Work request>
Could you give back every record below exactly, leaving out the pictures?

Data in this exercise>
--------------------
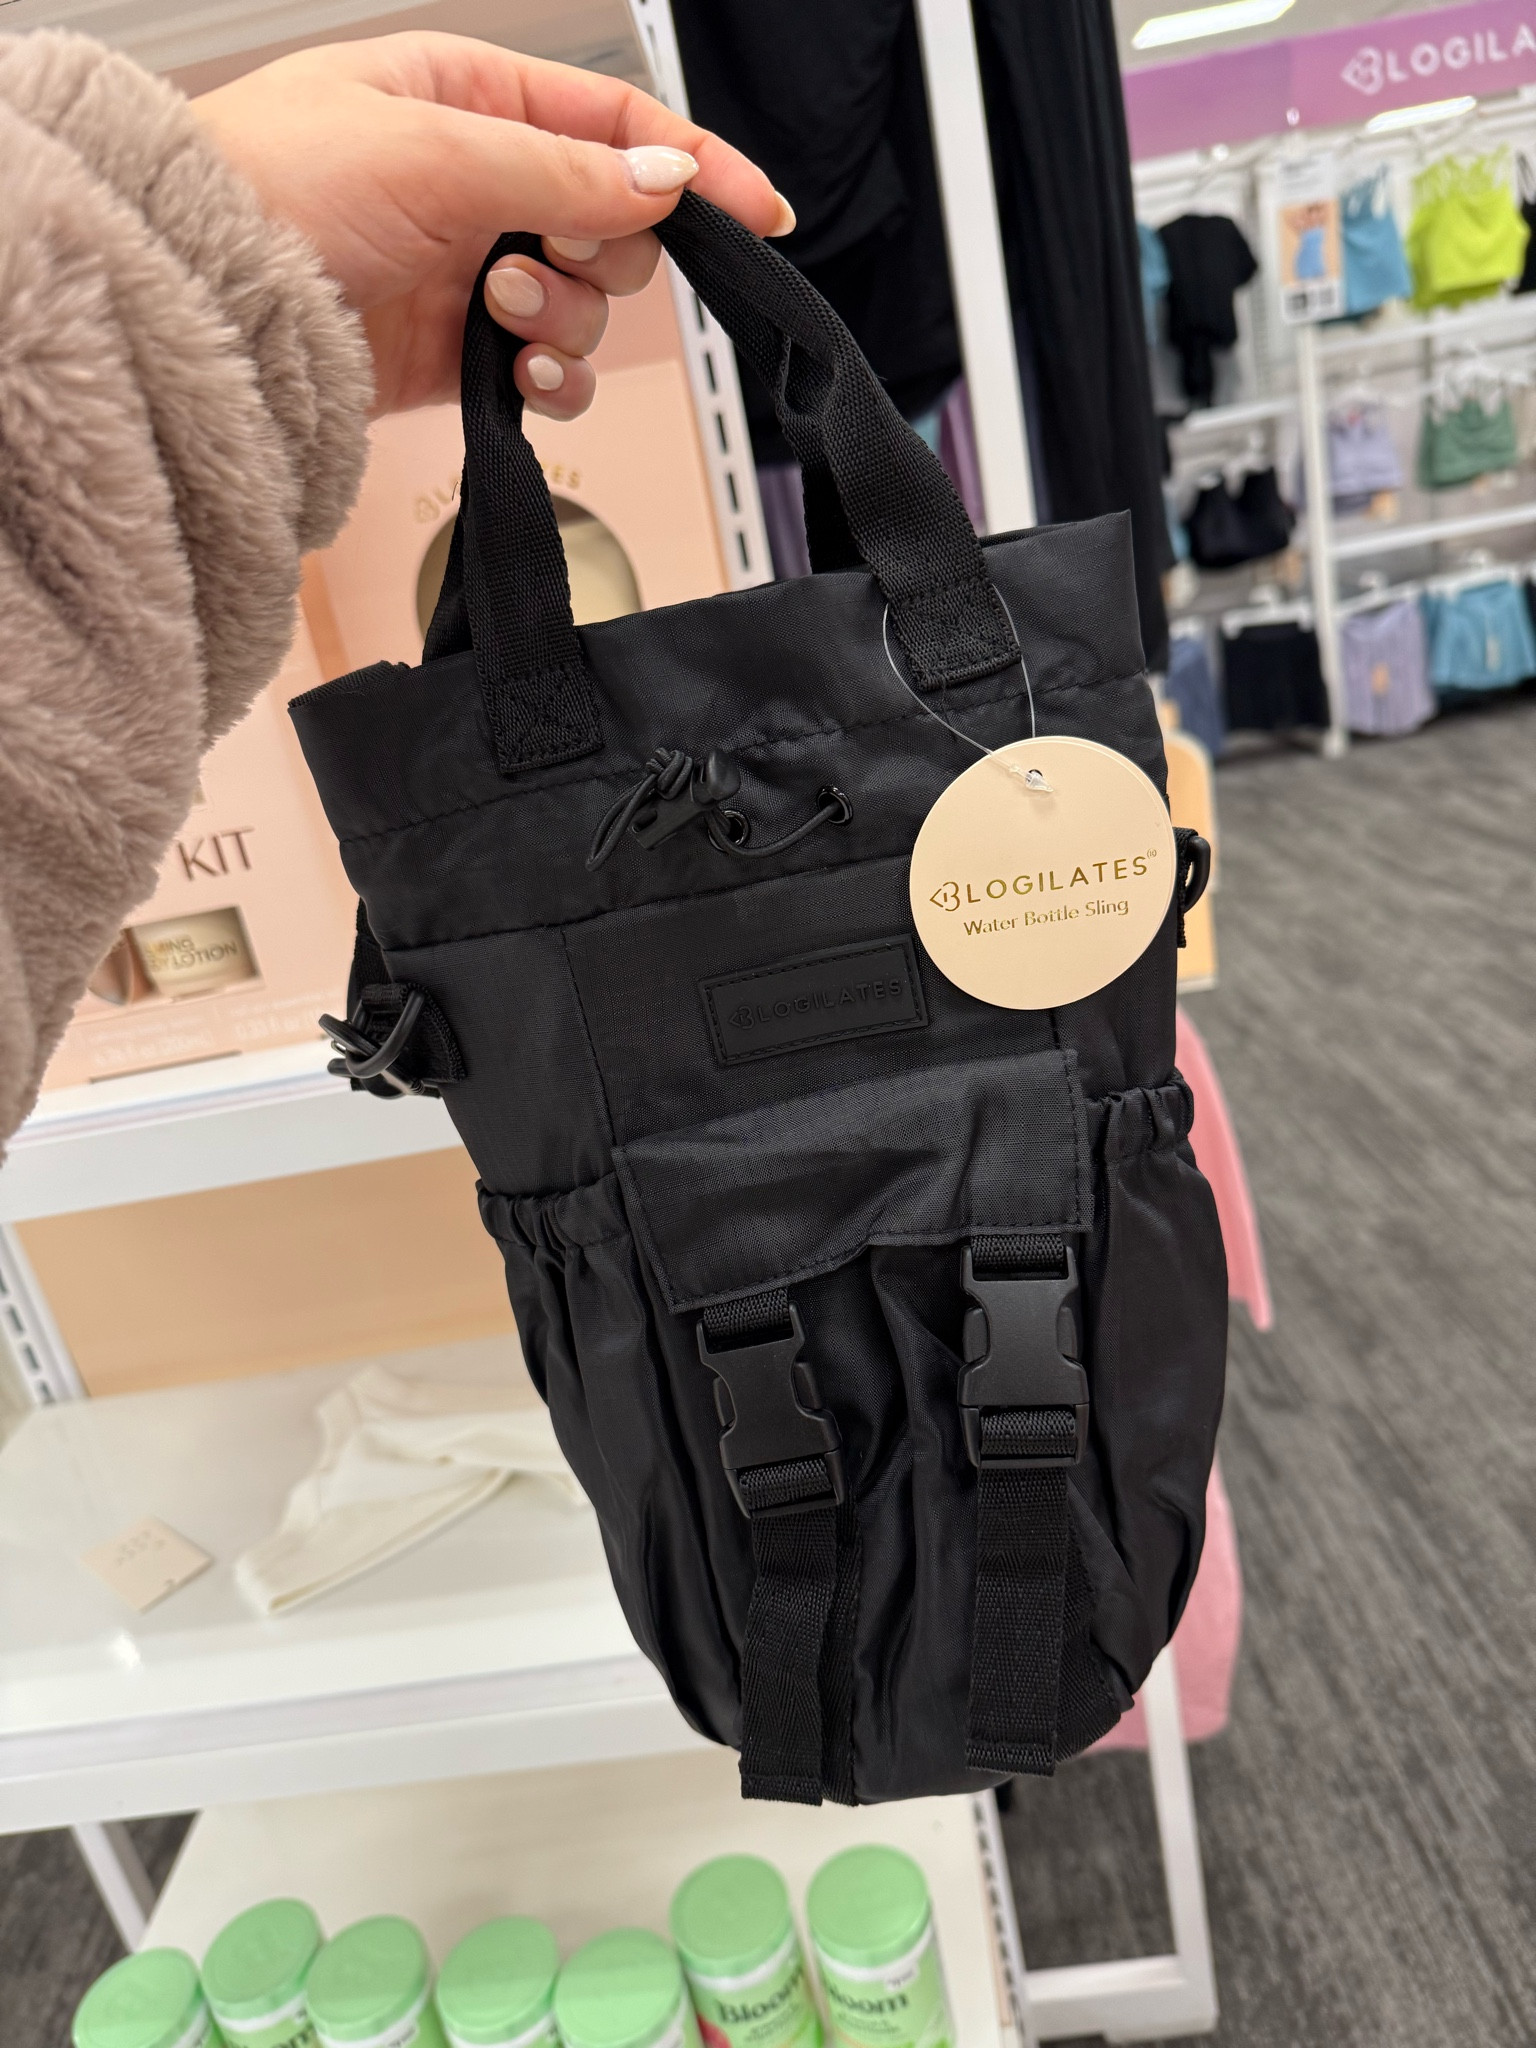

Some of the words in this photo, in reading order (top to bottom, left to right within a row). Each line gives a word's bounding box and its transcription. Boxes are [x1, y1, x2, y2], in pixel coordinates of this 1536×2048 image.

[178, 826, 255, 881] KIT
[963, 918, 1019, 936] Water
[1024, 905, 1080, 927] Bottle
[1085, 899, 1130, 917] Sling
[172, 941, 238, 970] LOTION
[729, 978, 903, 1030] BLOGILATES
--------------------
Answer>
Some of the words in this photo, in reading order (top to bottom, left to right within a row). Each line gives a word's bounding box and its transcription. Boxes are [x1, y1, x2, y2], in pixel coordinates of this 1536×2048 image.

[178, 826, 255, 881] KIT
[963, 918, 1019, 936] Water
[1024, 905, 1080, 927] Bottle
[1085, 899, 1130, 917] Sling
[172, 941, 238, 970] LOTION
[729, 978, 903, 1030] BLOGILATES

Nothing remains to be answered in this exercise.